José Antonio Marina no entiende el optimismo como la idea de que todo irá bien por sí solo. En su pensamiento aparece más bien como una actitud práctica: creer que una situación puede mejorar y ponerse a trabajar para conseguirlo.

Esa es la perspectiva desde la que lanzó la frase “Todos vivimos gracias a los optimistas”, recogida en una entrevista publicada por Canarias7 a propósito de su libro La vacuna contra las adicciones.

La afirmación encaja con algo que Marina lleva años defendiendo. En otra entrevista, esta vez concedida a El Cultural, le preguntaron por qué el pesimismo conserva tanto prestigio intelectual. Su respuesta fue contundente: “Todo lo bueno que tenemos lo han conseguido optimistas”. Ejemplo de ello son la abolición de la esclavitud, el voto universal o la seguridad social, entre tantos otros.

La idea, entonces, no es mirar la realidad con anteojos de color rosa. Es exactamente al revés: reconocer los problemas pero negarse a transformarlos en destinos inevitables. Marina ha insistido en que el pesimismo puede convertirse en una forma cómoda de inteligencia aparente: quien anuncia de antemano que algo fracasará nunca corre el riesgo de equivocarse intentando cambiarlo.

Ese planteamiento también aparece en su preocupación por la tecnología y la educación. En la misma entrevista lanzó otra frase que resume bien su diagnóstico: “Vivimos intoxicados de comodidad intelectual”. Su crítica apunta a una sociedad en la que las herramientas digitales facilitan tanto la obtención de respuestas que corremos el riesgo de dejar de hacer el esfuerzo previo de pensar.

Marina es filósofo español y autor de La vacuna contra las adicciones (Ed. Ariel). Foto: Instagram/@elpanoptico.

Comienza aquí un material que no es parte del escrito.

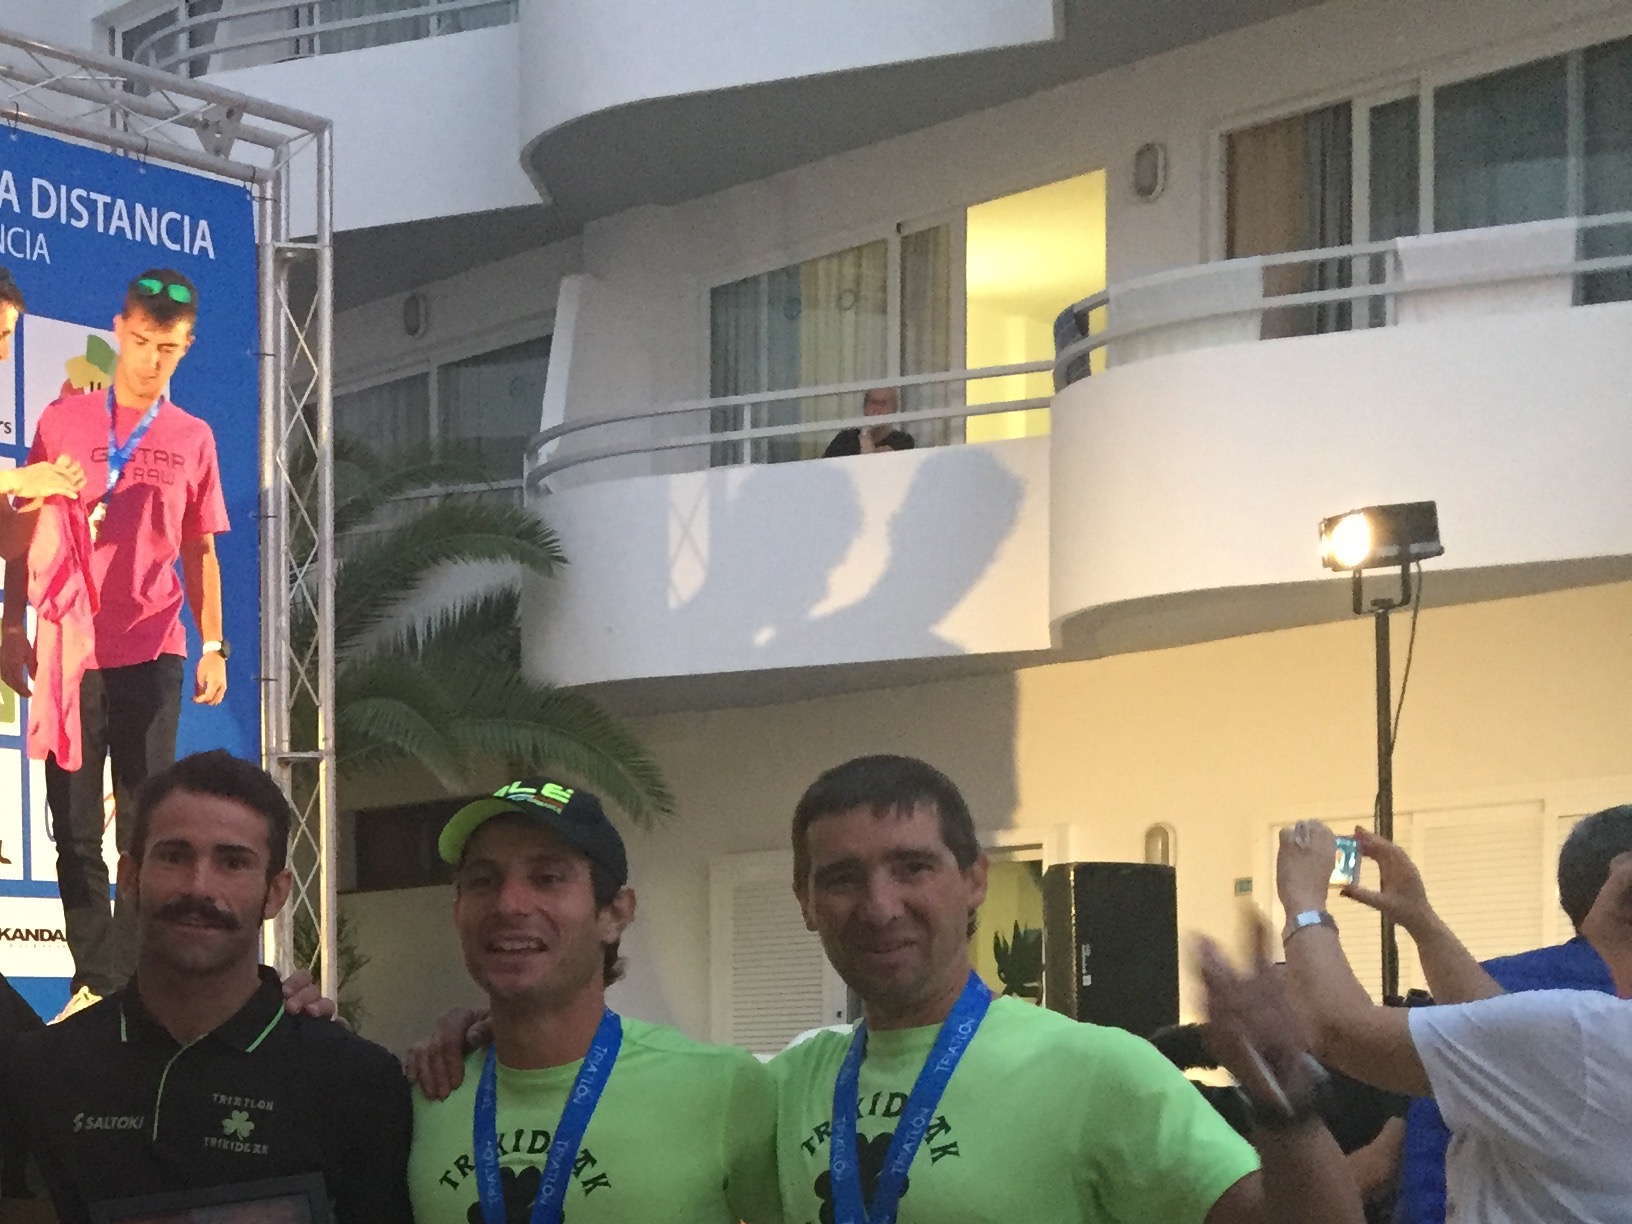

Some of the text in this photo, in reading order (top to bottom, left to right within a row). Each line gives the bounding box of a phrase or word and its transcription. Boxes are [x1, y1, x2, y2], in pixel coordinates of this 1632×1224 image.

[31, 177, 215, 260] DISTANCIA
[134, 467, 174, 486] RAW
[85, 1115, 145, 1131] SALTOKI

Años antes, durante una entrevista sobre educación, ya había expresado algo parecido desde otra perspectiva: “El pesimismo se aprende”. Su conclusión era que, si determinadas actitudes pueden adquirirse, también se puede educar el optimismo, la resiliencia y la capacidad para afrontar los fracasos.

Marina incluso ha trasladado esa idea al oficio docente. Durante una conversación de La Charleta, recordó que a los profesores debería suponérseles optimismo porque trabajan precisamente sobre la posibilidad de que las personas aprendan y mejoren. “Creemos en la perfectibilidad de todos los seres humanos”, explicó entonces.

Su defensa del optimismo tampoco significa negar la estupidez, el miedo o los errores colectivos. Buena parte de su obra se dedica justamente a estudiarlos. Lo que propone es no convertirlos en excusas para la resignación.

Su defensa del optimismo no significa negar la estupidez, el miedo o los errores colectivos. Foto: Facebook.

Por eso su frase tiene más profundidad de la que parece. Cuando Marina afirma que “todos vivimos gracias a los optimistas”, está hablando de personas que alguna vez imaginaron una solución que todavía no existía. Los derechos, avances políticos, descubrimientos y mejoras sociales que hoy parecen normales tuvieron antes que superar una primera barrera: alguien diciendo que eran imposibles.